**Work task**:
Each record that comes next should be output exactly; pictures do not belong in the copy.

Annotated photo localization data
--------------------------------------------------

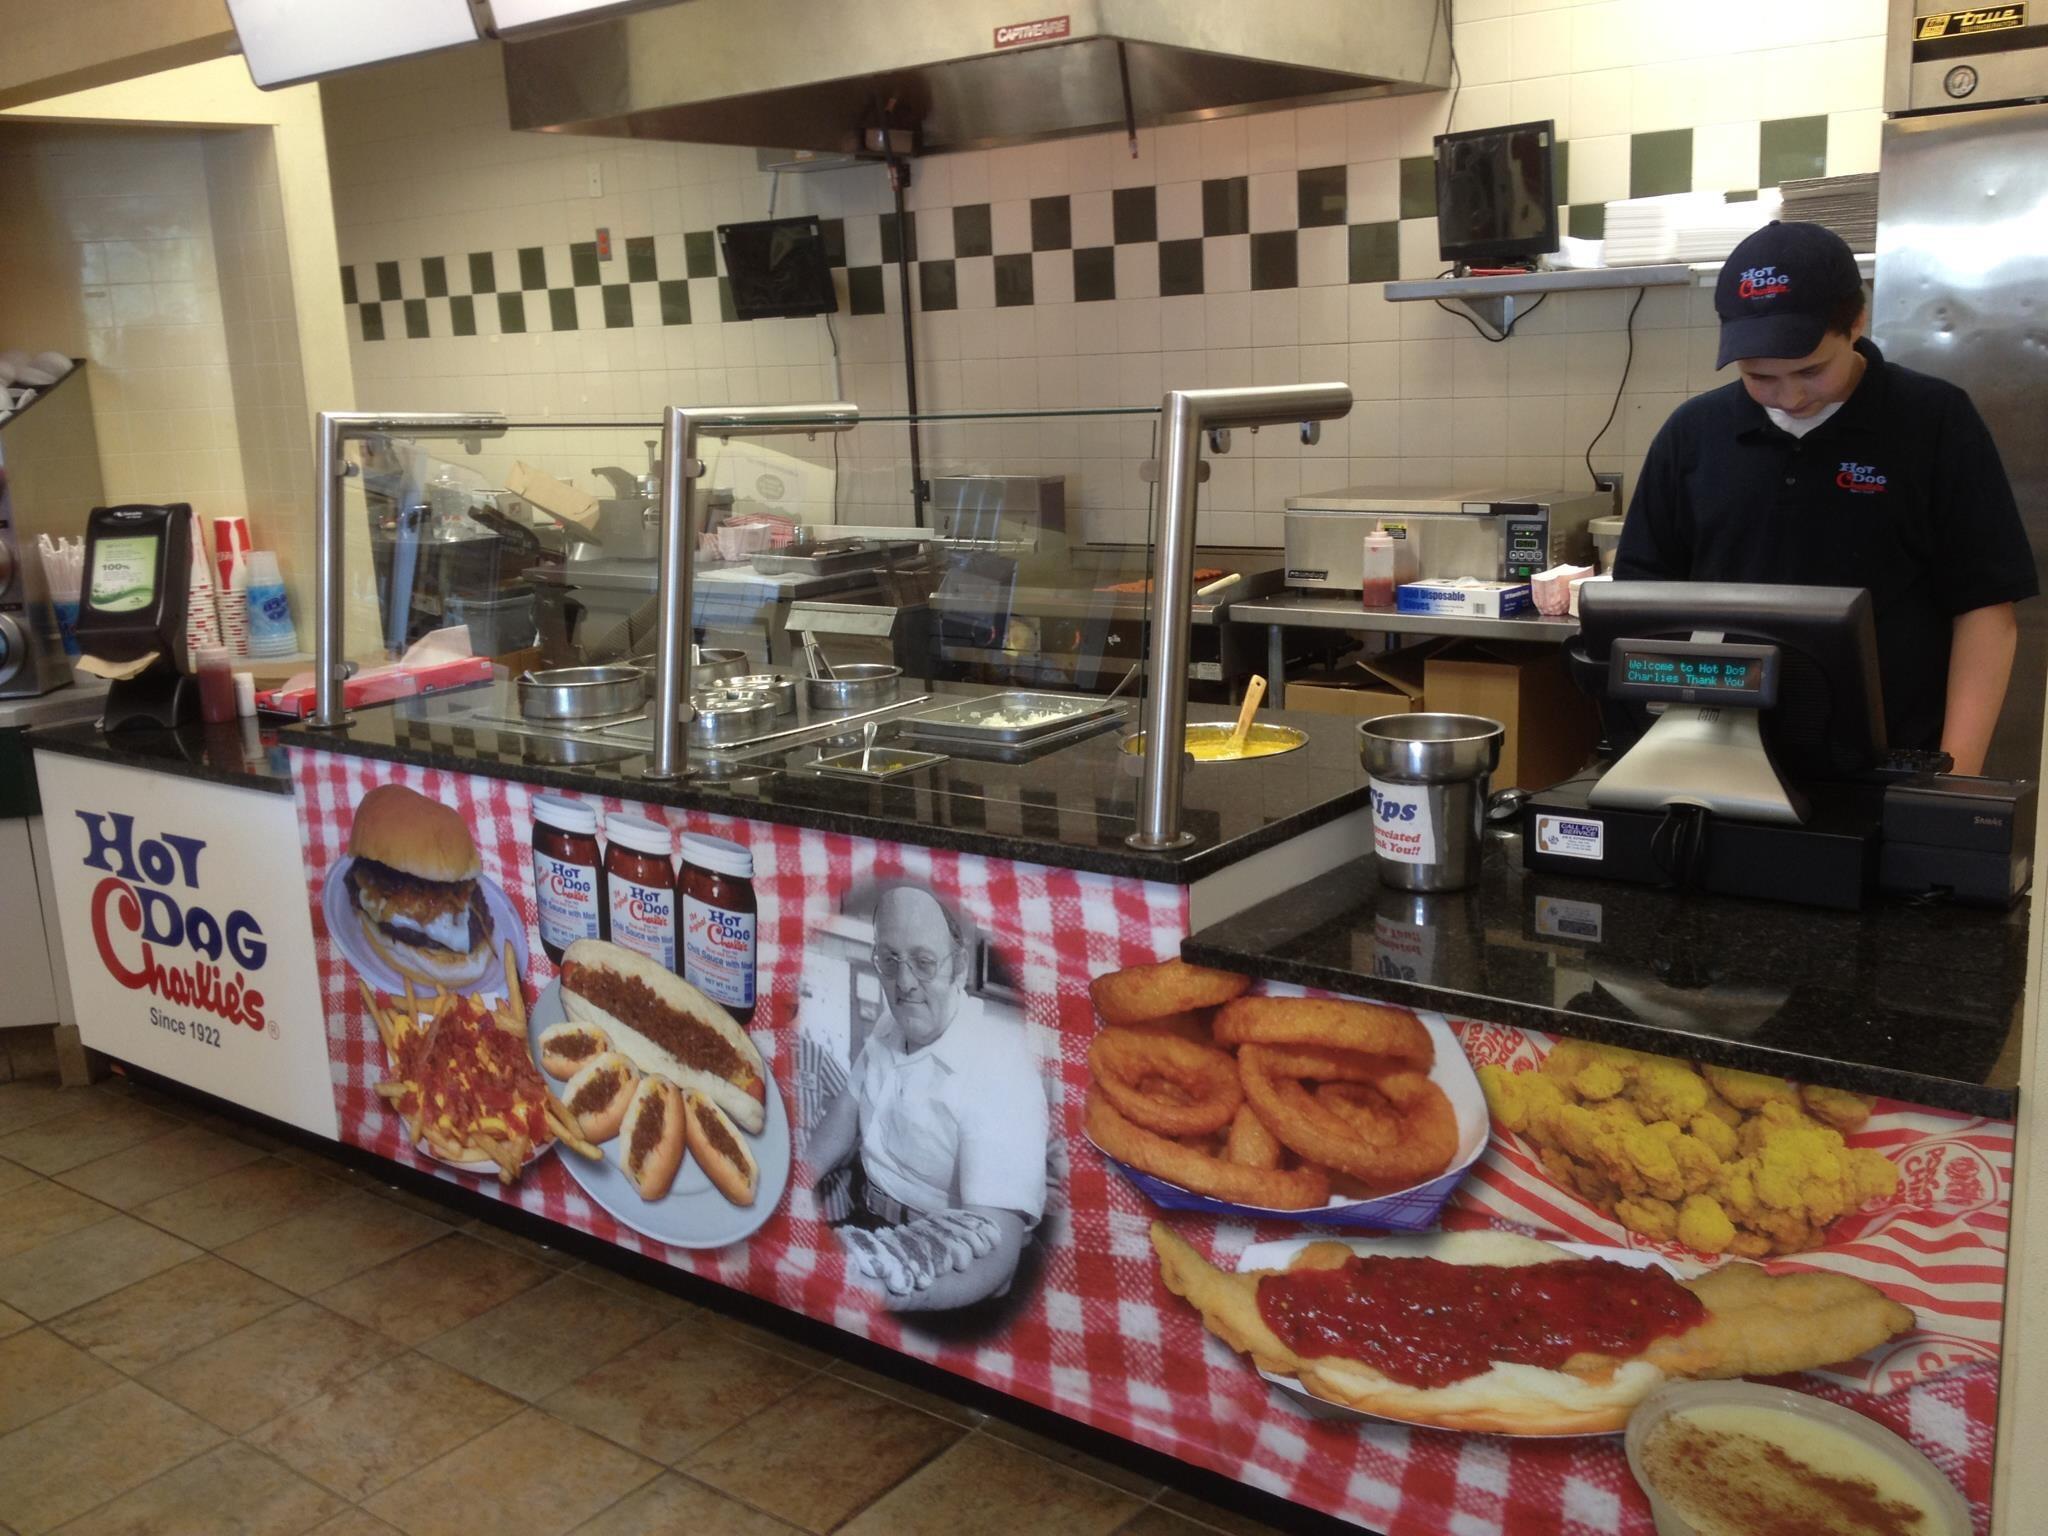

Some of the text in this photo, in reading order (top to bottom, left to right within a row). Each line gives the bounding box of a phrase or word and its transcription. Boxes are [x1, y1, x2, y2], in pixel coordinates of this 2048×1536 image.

[1953, 9, 2020, 27] true
[102, 563, 131, 571] 100%
[1421, 590, 1466, 602] Disposable
[1629, 660, 1746, 675] Welcome to Hot Dog
[1628, 671, 1745, 687] Charlies Thank You
[1390, 843, 1421, 856] You!!
[91, 877, 266, 1032] Charlie's
[150, 1007, 222, 1048] Since 1922

--------------------------------------------------

**Expected answer**:
Some of the text in this photo, in reading order (top to bottom, left to right within a row). Each line gives the bounding box of a phrase or word and its transcription. Boxes are [x1, y1, x2, y2], in pixel coordinates of this 2048×1536 image.

[1953, 9, 2020, 27] true
[102, 563, 131, 571] 100%
[1421, 590, 1466, 602] Disposable
[1629, 660, 1746, 675] Welcome to Hot Dog
[1628, 671, 1745, 687] Charlies Thank You
[1390, 843, 1421, 856] You!!
[91, 877, 266, 1032] Charlie's
[150, 1007, 222, 1048] Since 1922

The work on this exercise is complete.